#### Work item:
Only the text is wanted; write out each record below exactly and exclude all pictures.

#### Data to examine:

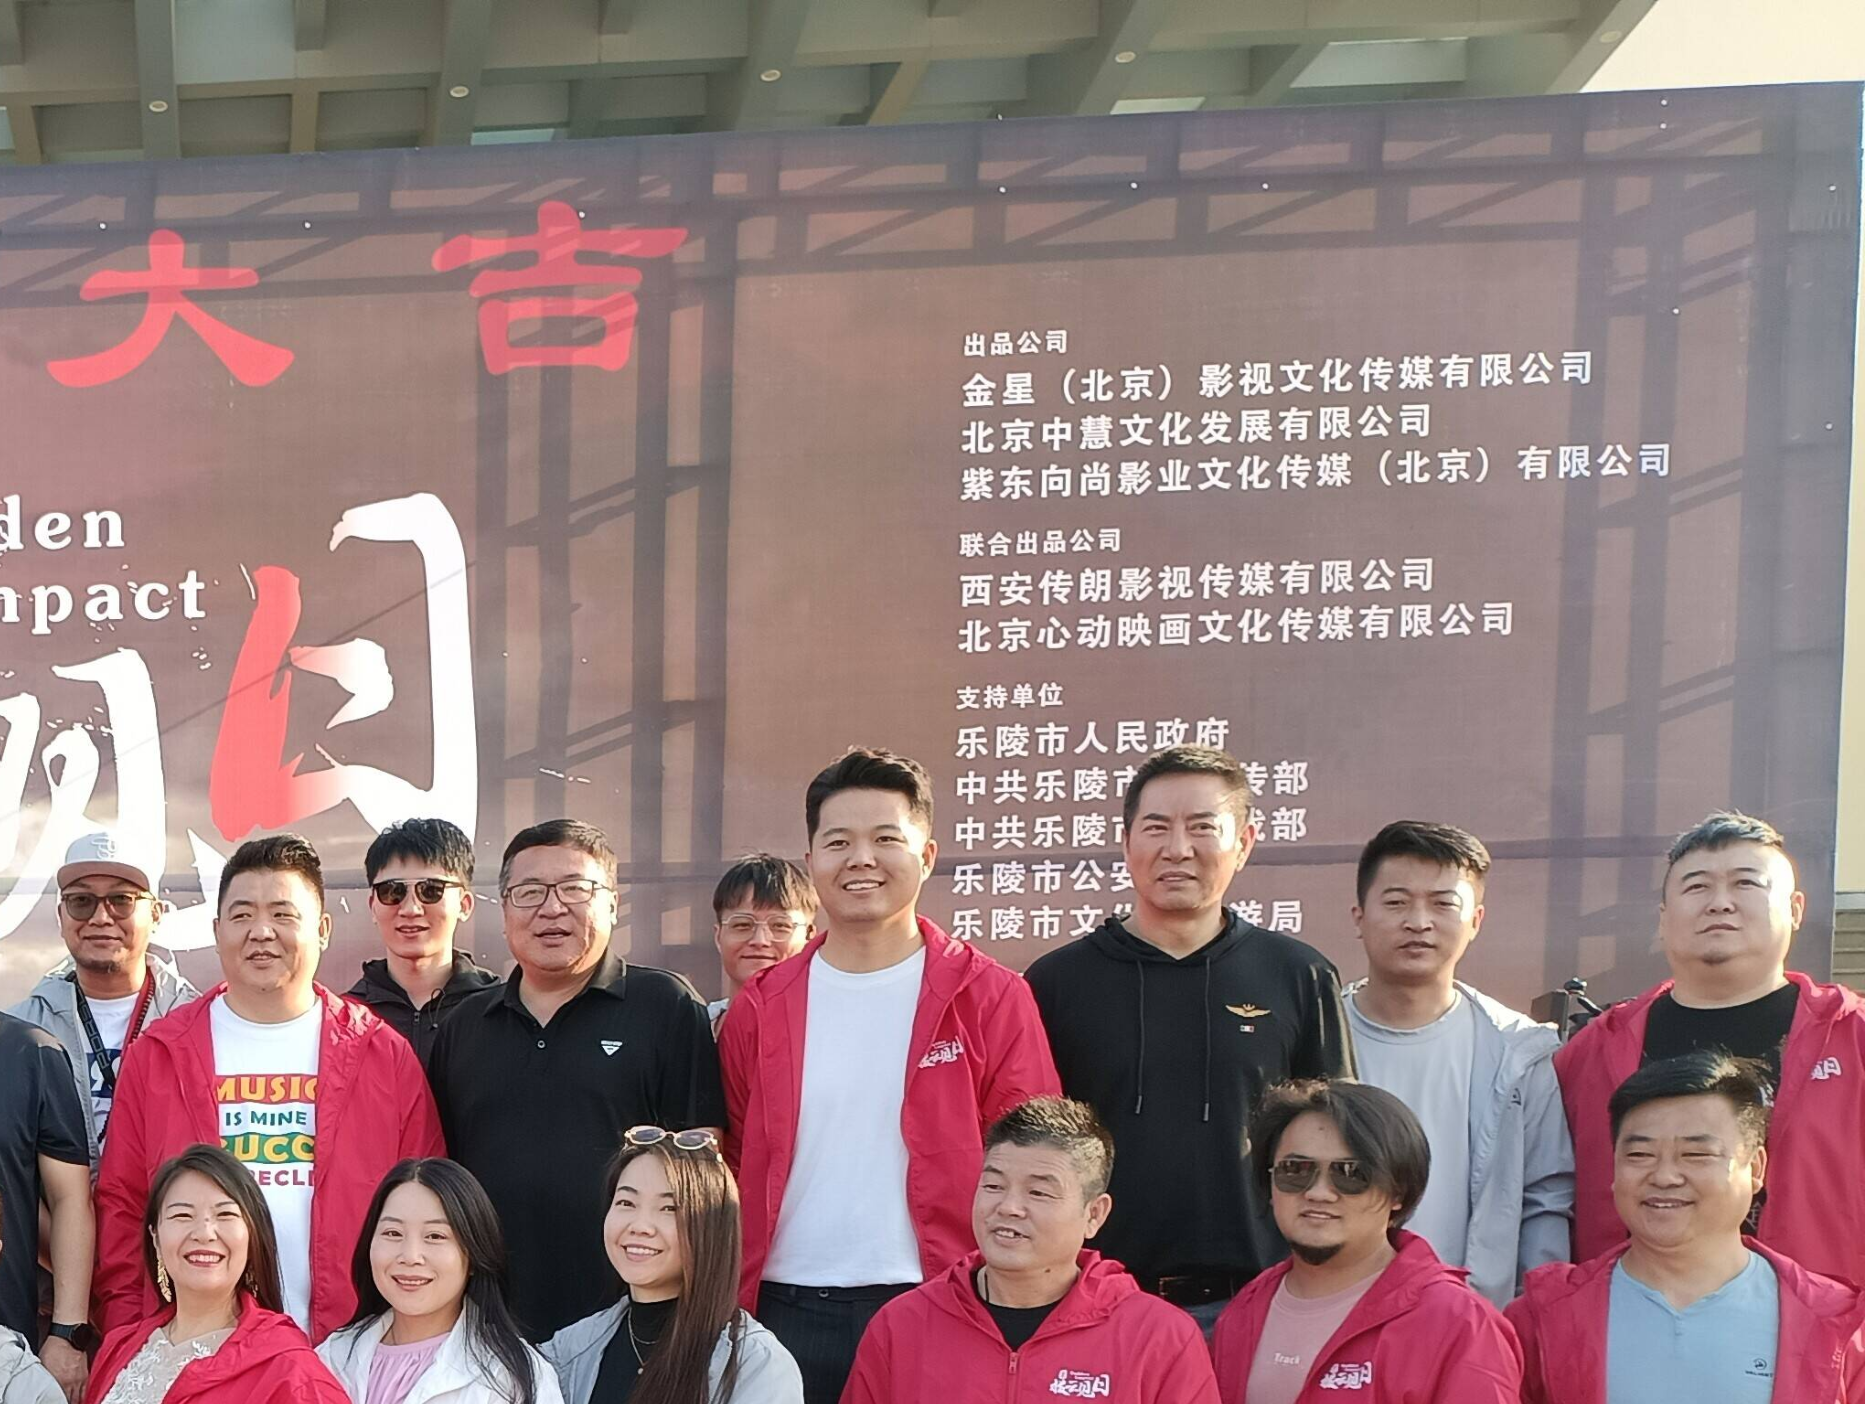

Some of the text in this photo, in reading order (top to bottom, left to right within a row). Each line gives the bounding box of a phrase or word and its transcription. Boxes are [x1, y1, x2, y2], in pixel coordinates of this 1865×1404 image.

[964, 330, 1068, 357] 出品公司
[961, 403, 1431, 454] 北京中慧文化发展有限公司
[959, 528, 1121, 557] 联合出品公司
[959, 557, 1433, 607] 西安传朗影视传媒有限公司
[957, 602, 1513, 653] 北京心动映画文化传媒有限公司
[956, 682, 1064, 710] 支持单位
[955, 717, 1229, 759] 乐陵市人民政府
[955, 761, 1309, 805] 中共乐陵市传部
[225, 1110, 307, 1126] IS MINE
[220, 1134, 314, 1163] UCC

#### Answer box:
Some of the text in this photo, in reading order (top to bottom, left to right within a row). Each line gives the bounding box of a phrase or word and its transcription. Boxes are [x1, y1, x2, y2], in pixel coordinates of this 1865×1404 image.

[964, 330, 1068, 357] 出品公司
[961, 403, 1431, 454] 北京中慧文化发展有限公司
[959, 528, 1121, 557] 联合出品公司
[959, 557, 1433, 607] 西安传朗影视传媒有限公司
[957, 602, 1513, 653] 北京心动映画文化传媒有限公司
[956, 682, 1064, 710] 支持单位
[955, 717, 1229, 759] 乐陵市人民政府
[955, 761, 1309, 805] 中共乐陵市传部
[225, 1110, 307, 1126] IS MINE
[220, 1134, 314, 1163] UCC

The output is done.